Ambos entendían que el verdadero impacto del operativo no estaba en la duración de la ocupación, sino en la fuerza simbólica del gesto.

¿Quiénes fueron los 18 “cóndores” que participaron de la misión?
Los protagonistas del Operativo Cóndor fueron 18 jóvenes militantes nacionalistas, luego conocidos como “los cóndores”. No se trató de militares profesionales, sino de civiles con fuertes convicciones políticas y una profunda identificación con la causa Malvinas.
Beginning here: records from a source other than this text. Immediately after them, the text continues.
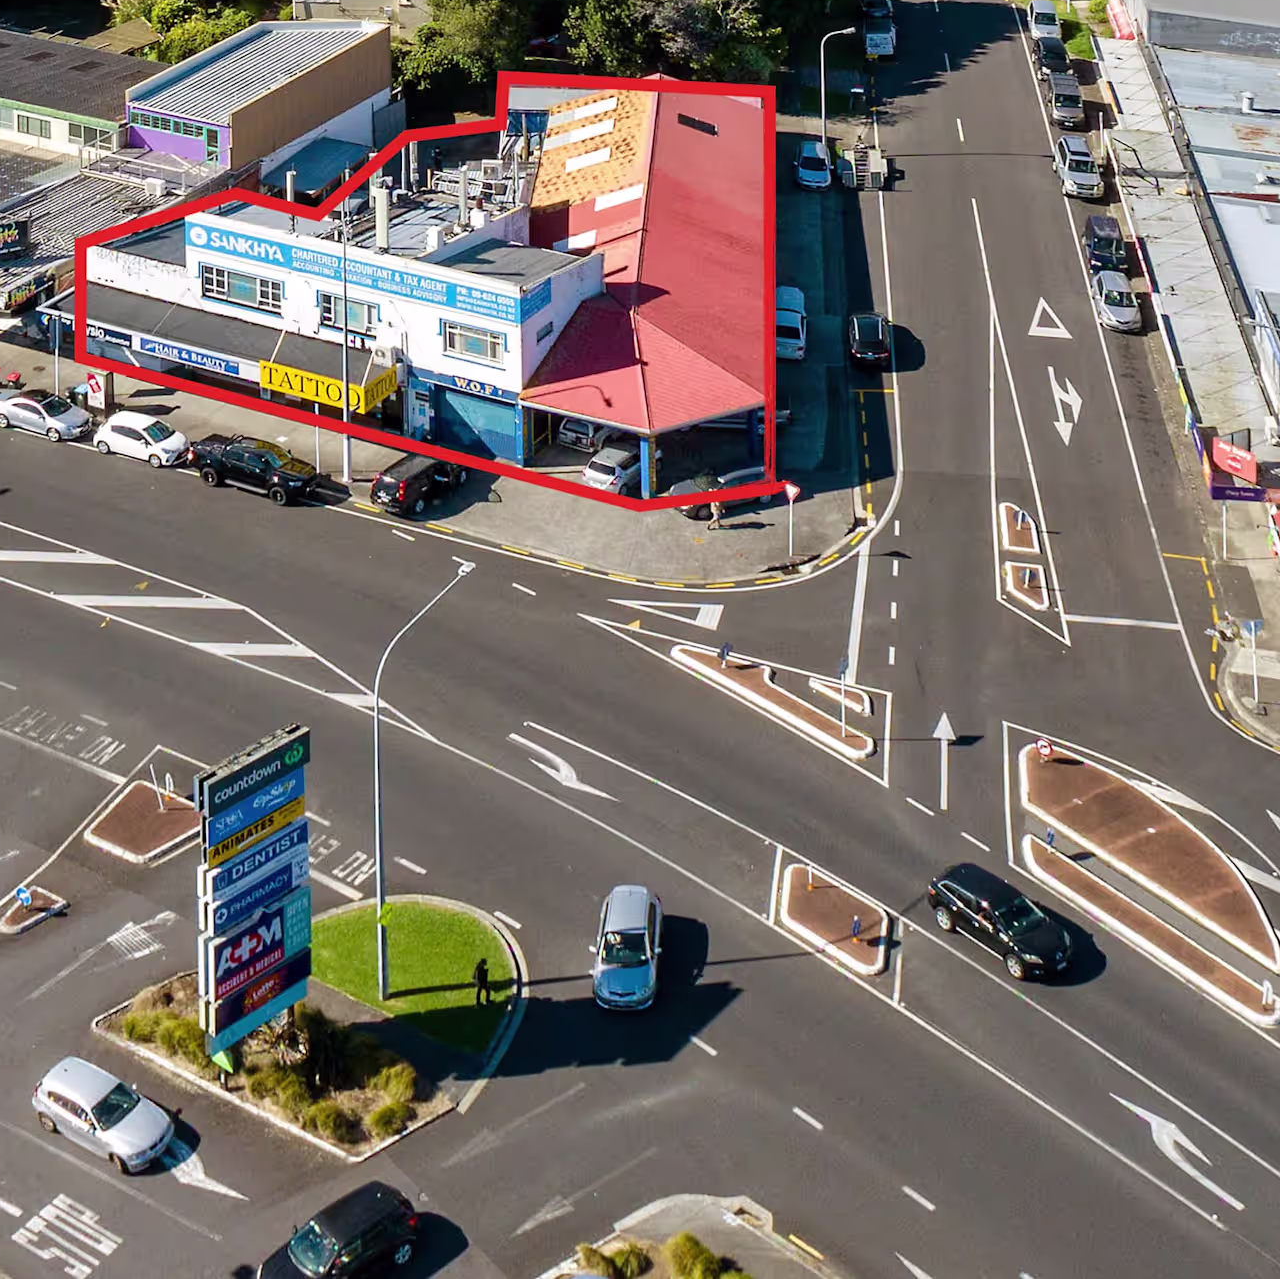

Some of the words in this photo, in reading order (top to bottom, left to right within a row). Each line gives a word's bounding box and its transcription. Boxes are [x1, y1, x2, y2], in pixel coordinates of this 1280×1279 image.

[210, 232, 284, 262] SANKHYA
[292, 261, 335, 276] ACCOUNTING
[291, 248, 338, 267] CHARTERED
[340, 260, 392, 279] ACCOUNTANT
[394, 274, 401, 282] &
[403, 275, 418, 287] TAX
[420, 279, 448, 293] AGENT
[153, 343, 180, 361] HAIR
[181, 349, 189, 359] &
[191, 352, 226, 370] BEAUTY
[263, 366, 361, 407] TATTOO
[214, 761, 281, 804] countdown
[213, 815, 275, 859] ANIMATES
[233, 829, 300, 879] DENTIST
[230, 872, 289, 915] PHARMACY
[218, 969, 248, 996] ACCIDENT
[256, 949, 282, 972] MEDICAL
[10, 1192, 124, 1279] STOP
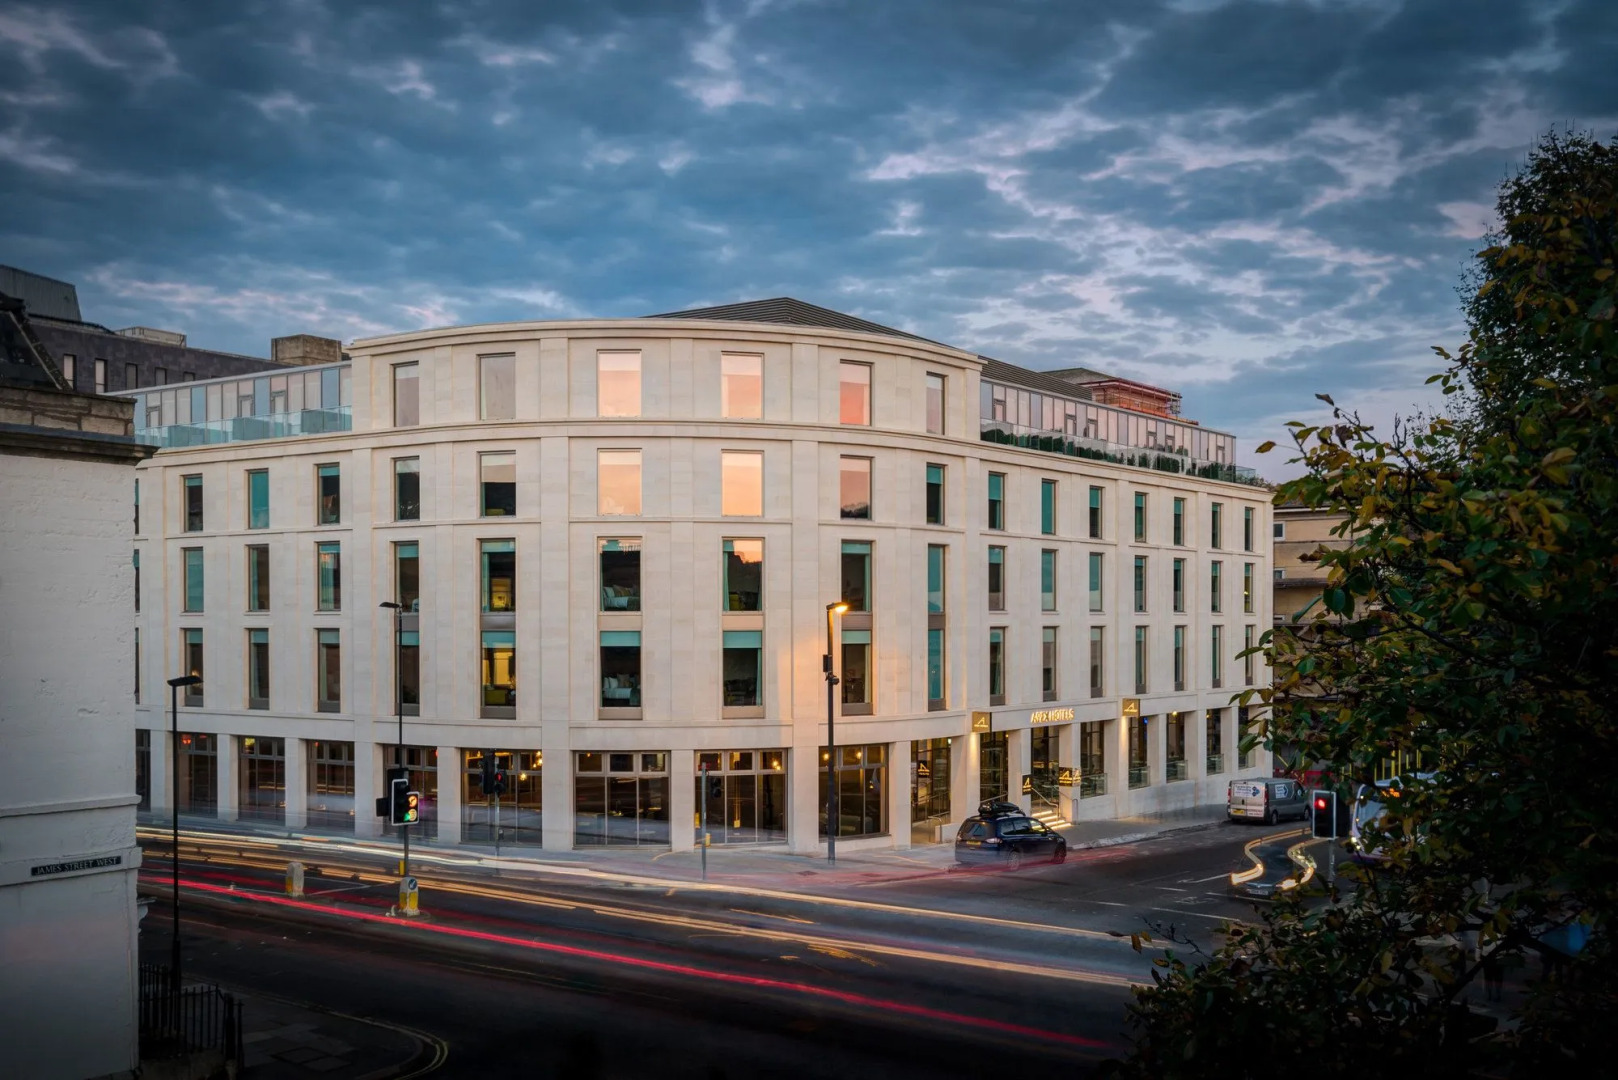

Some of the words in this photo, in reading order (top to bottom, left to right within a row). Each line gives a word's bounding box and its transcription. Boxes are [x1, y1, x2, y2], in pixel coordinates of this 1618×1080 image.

[1030, 711, 1049, 723] APEX
[35, 866, 62, 875] JAMES
[64, 860, 93, 872] STREET
[96, 857, 117, 867] WEST
Además de Dardo Cabo y María Cristina Verrier, participaron otros militantes como Alejandro Giovenco y Juan Carlos Rodríguez, entre más integrantes provenientes del nacionalismo argentino, el sindicalismo y el activismo político juvenil de los años 60.

Tras el operativo, el grupo fue reducido sin enfrentamientos por las autoridades británicas y posteriormente devuelto a la Argentina, donde fueron detenidos y procesados. Sin embargo, el impacto ya era irreversible: la causa Malvinas había vuelto al centro de la escena nacional.
A casi seis décadas de aquel episodio, el izamiento de las siete banderas argentinas en Malvinas sigue siendo uno de los actos más conmovedores y recordados de la historia contemporánea del país. Un recordatorio de que, a veces, los gestos simbólicos pueden ser tan poderosos como las grandes batallas.